But that's only the beginning. Berman goes to great lengths to show that the "Papal Revolution", though it may not have taken place as abruptly as the other later revolutions in the western world, was no less an epochal event. The first half of the book traces how the canon law and papal power first separated itself from the secular law of the territorial kingdoms, and then asserted its own kind of jurisdiction. Although the level of detail sometimes distracts from Berman's main point, the organization of the chapters in Part I are careful to build up the story of how the need to gloss the old Roman texts led to a "science of law" in itself, and then to competing jurisdictions between emperor and pope, and how the development of the law led to the resolution of these conflicts. Part I ends with a short chapter on the personal conflict between King Henry II of England and Thomas Becket, Archbishop of Canterbury, which Berman proposes is the personification of the competing interests of the papacy and the secular authority.

Part II takes a different organizational approach in describing how the secular law developed at the same time. Rather than a chronological buildup, part II is a subject-matter survey of the different clusters of secular authority, and the body of law that bound them together. (For example, urban law of certain cities that got franchised to other towns and cities, mercantile law that was largely self-governed by the merchants, royal law that up until then had not developed in itself.)

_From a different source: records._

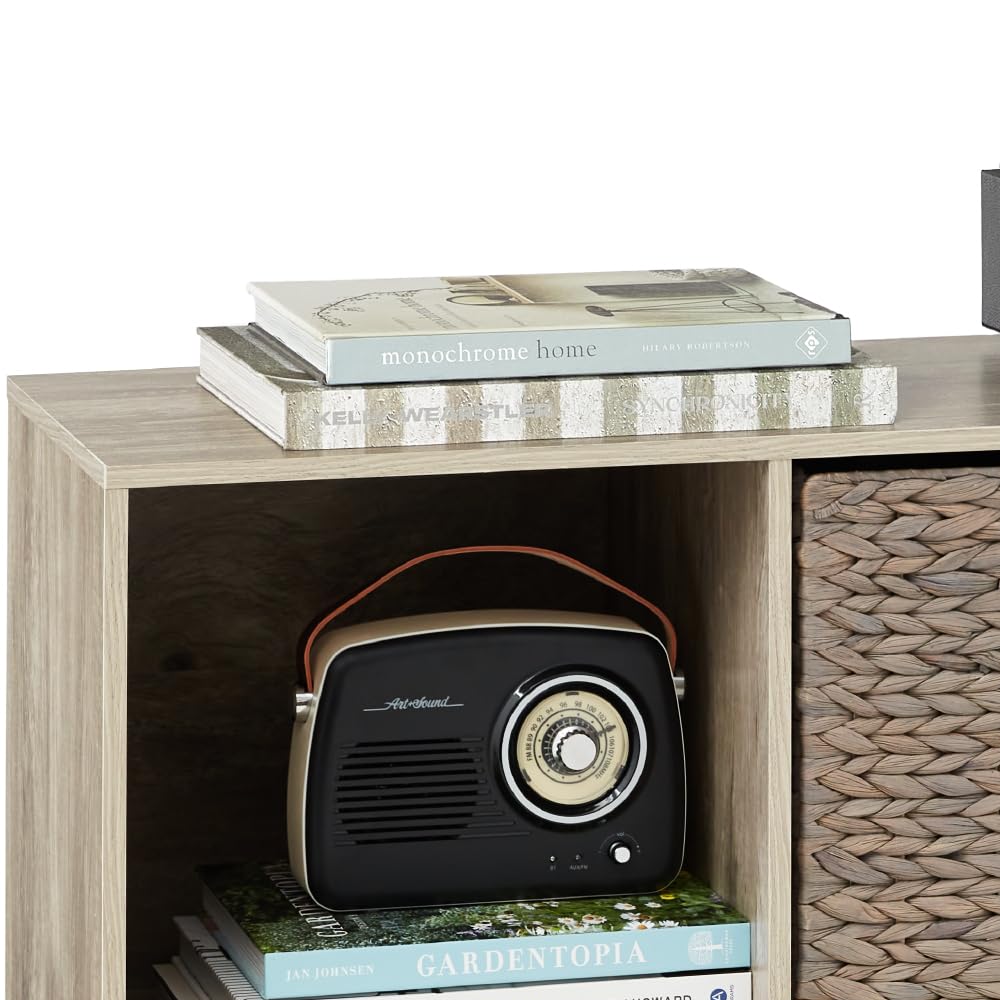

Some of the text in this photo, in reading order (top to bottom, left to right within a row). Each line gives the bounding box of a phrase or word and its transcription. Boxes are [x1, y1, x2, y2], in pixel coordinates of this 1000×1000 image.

[381, 339, 598, 365] monochrome home
[642, 340, 750, 353] HILARY ROBERTSON
[622, 391, 796, 415] SYNCHRONICIT
[530, 723, 538, 732] 90
[574, 700, 583, 708] 98
[586, 703, 597, 714] 100
[597, 711, 607, 722] 102
[416, 940, 648, 977] GARDENTOPIA
[286, 964, 375, 981] JAN JOHNSEN
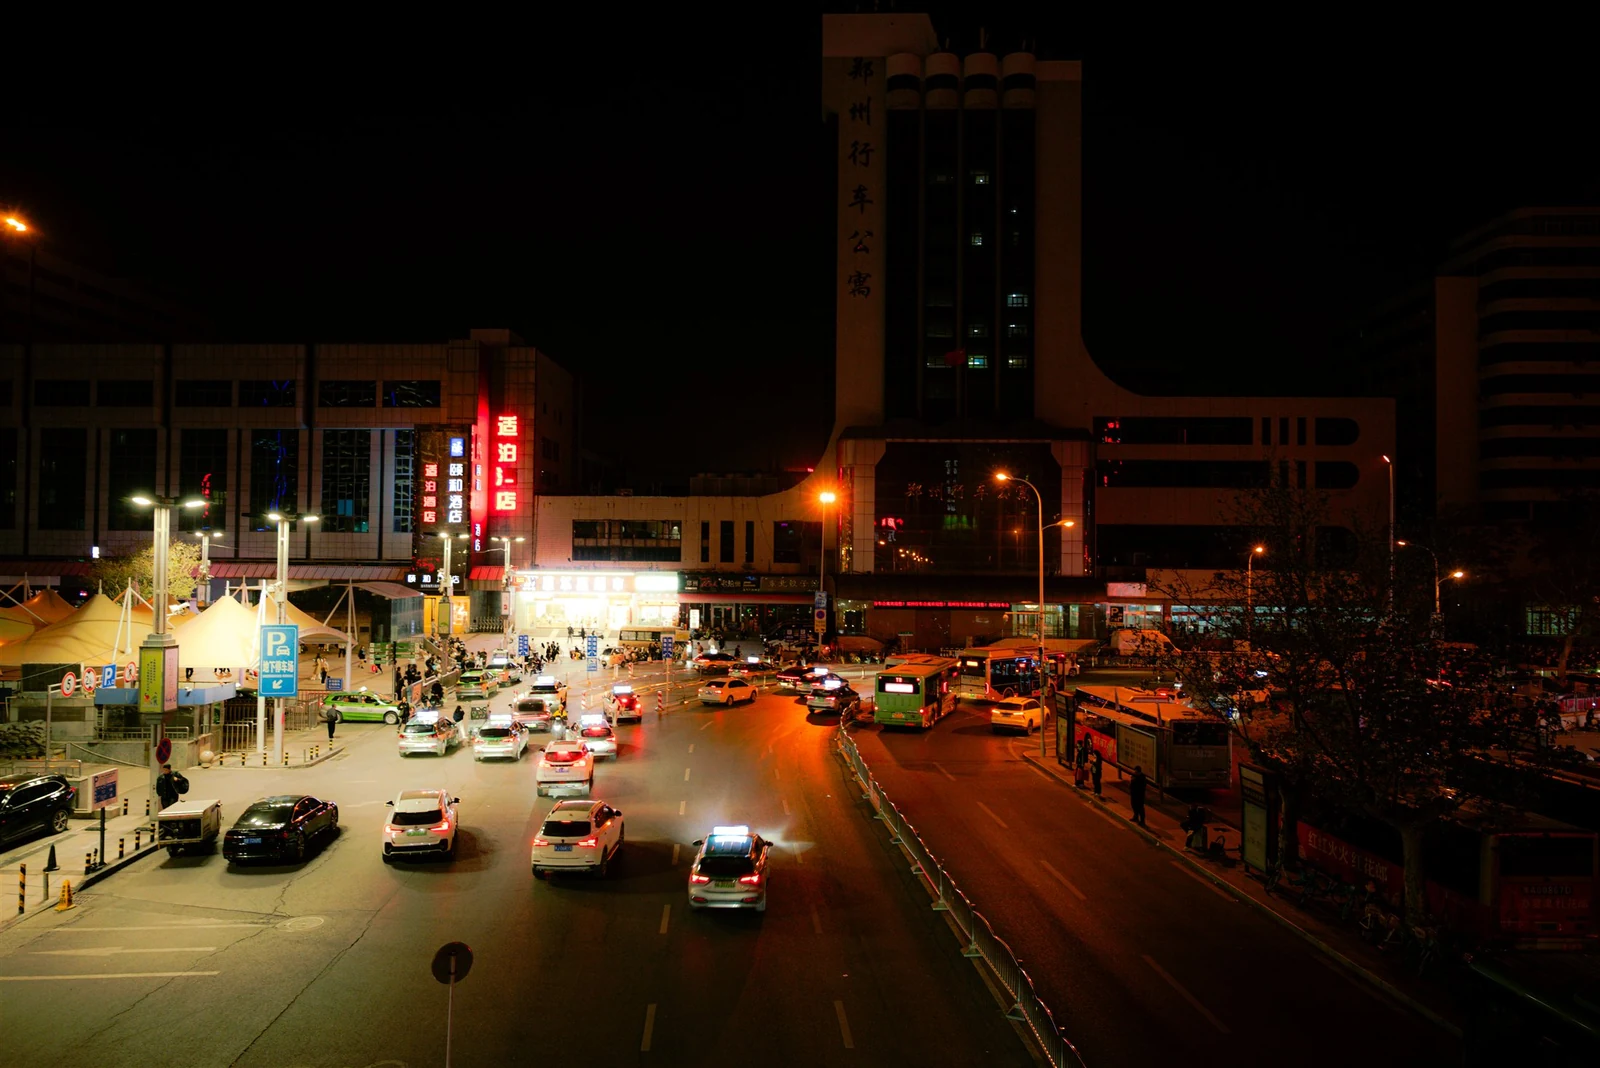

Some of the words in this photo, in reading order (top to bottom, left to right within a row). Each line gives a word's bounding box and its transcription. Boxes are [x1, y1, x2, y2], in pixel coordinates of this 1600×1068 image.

[848, 57, 874, 299] 郑州行车公寓
[424, 464, 438, 523] 适泊酒店
[448, 463, 463, 523] 颐和酒店
[267, 632, 286, 656] P
[104, 667, 113, 686] P
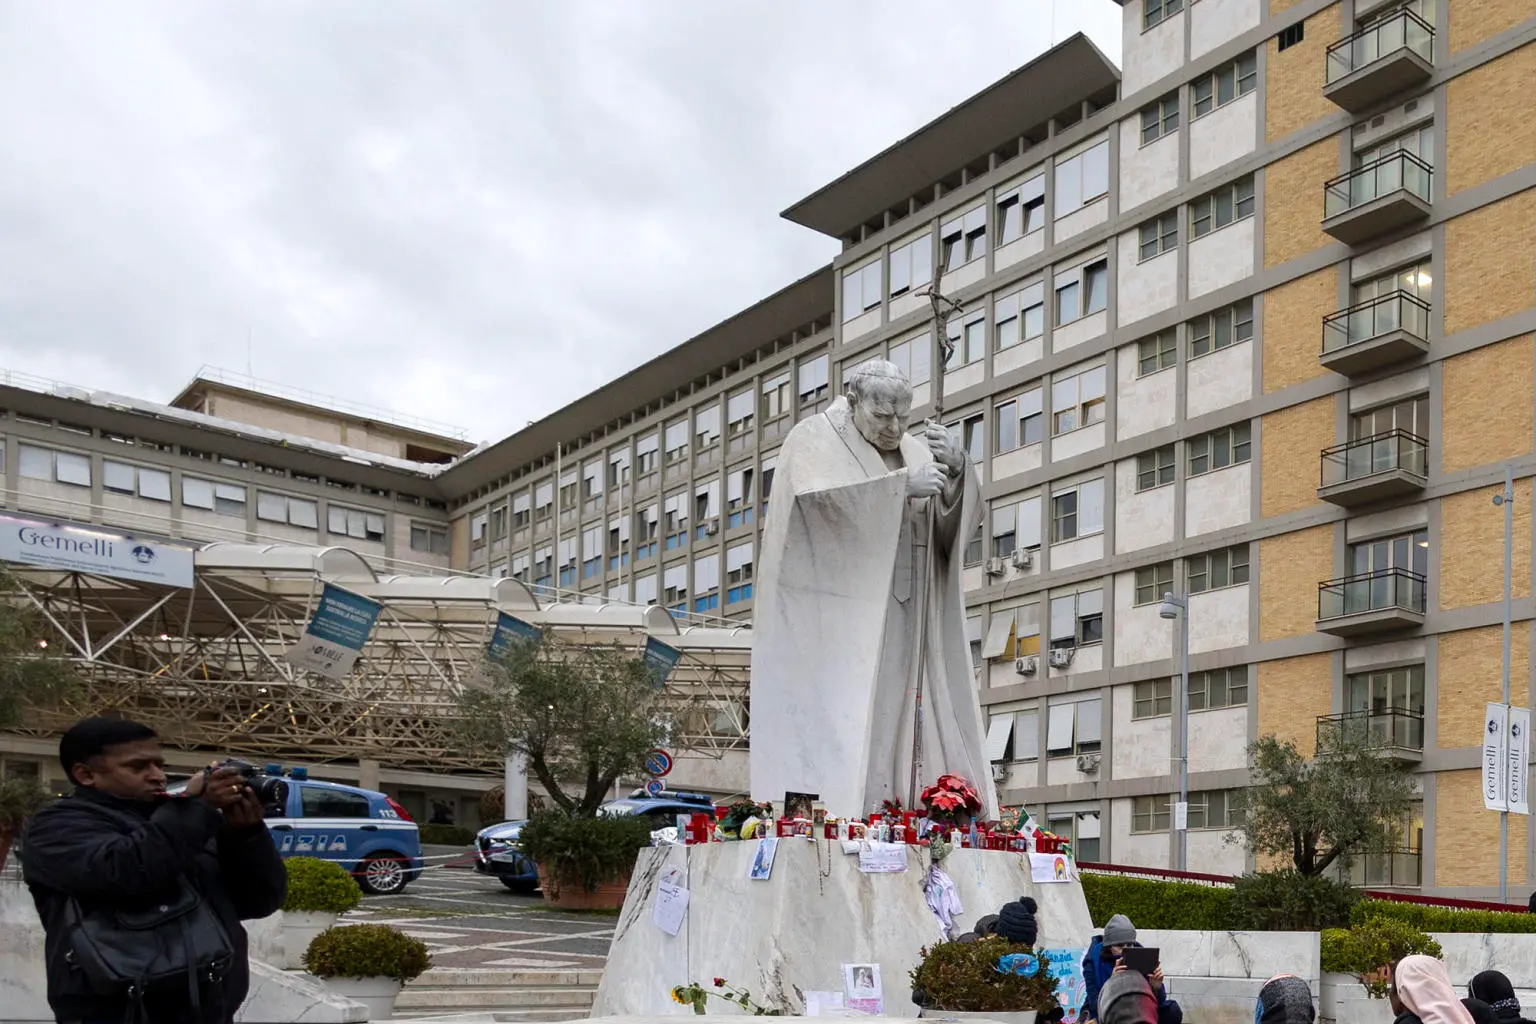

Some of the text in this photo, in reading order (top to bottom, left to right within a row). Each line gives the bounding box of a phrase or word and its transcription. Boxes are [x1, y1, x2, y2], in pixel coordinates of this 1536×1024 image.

[19, 526, 113, 558] Gemelli
[1486, 744, 1497, 801] Gemelli
[1510, 748, 1520, 803] Gemelli
[379, 809, 398, 818] 113
[280, 834, 348, 852] IZIA
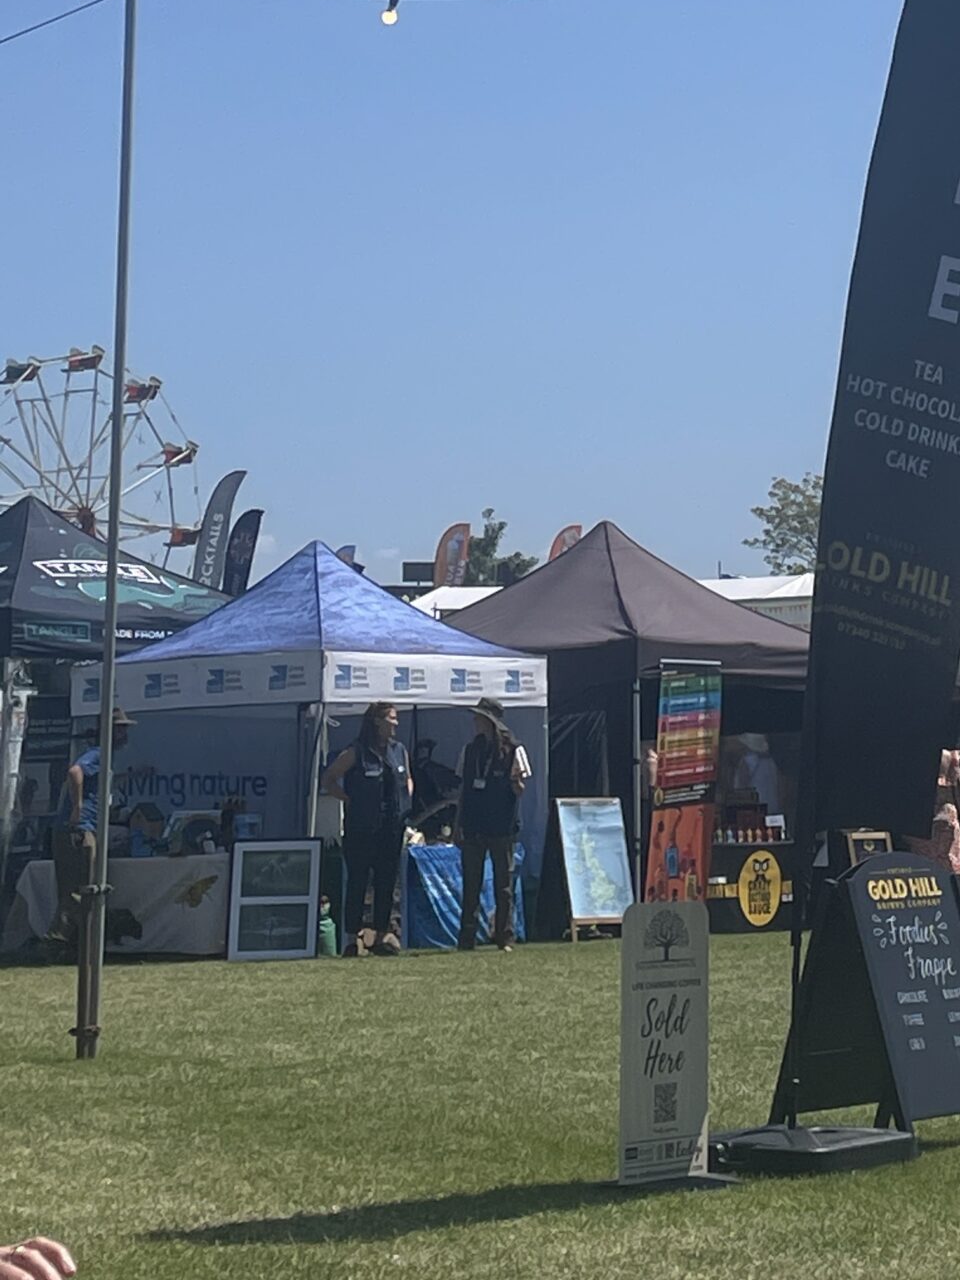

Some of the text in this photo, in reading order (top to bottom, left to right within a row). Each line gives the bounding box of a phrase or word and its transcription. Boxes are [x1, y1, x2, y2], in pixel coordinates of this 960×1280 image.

[914, 358, 945, 386] TEA
[846, 373, 887, 401] HOT
[854, 408, 904, 437] COLD
[885, 449, 931, 478] CAKE
[817, 540, 891, 584] OLD
[897, 560, 951, 606] HILL
[190, 770, 268, 798] nature
[867, 876, 943, 901] GOLD HILL
[640, 993, 691, 1039] Sold
[643, 1039, 685, 1079] Here

Law students and lawyers will recognize some of the terminology that gets introduced as a part of the discussion, and it can provide some greater perspective on where and why these western legal concepts came from. But also, as emphasized in the introduction and conclusion, Berman proposes that the western tradition he describes is in a state of crisis. This book was published in 1984, at a time before Marxism's decline as living academic thought. In this light, the worries that legal history might be wrongfully described in only economic terms, or in terms of other historical "forces", may not be as pronounced. However, another concern -- that the western legal tradition is losing its structural integrity, or that the law is less and less founded upon a coherent foundation of reason -- still has relevance today. In that sense, the book is worth reading both for historical and for present-day purposes.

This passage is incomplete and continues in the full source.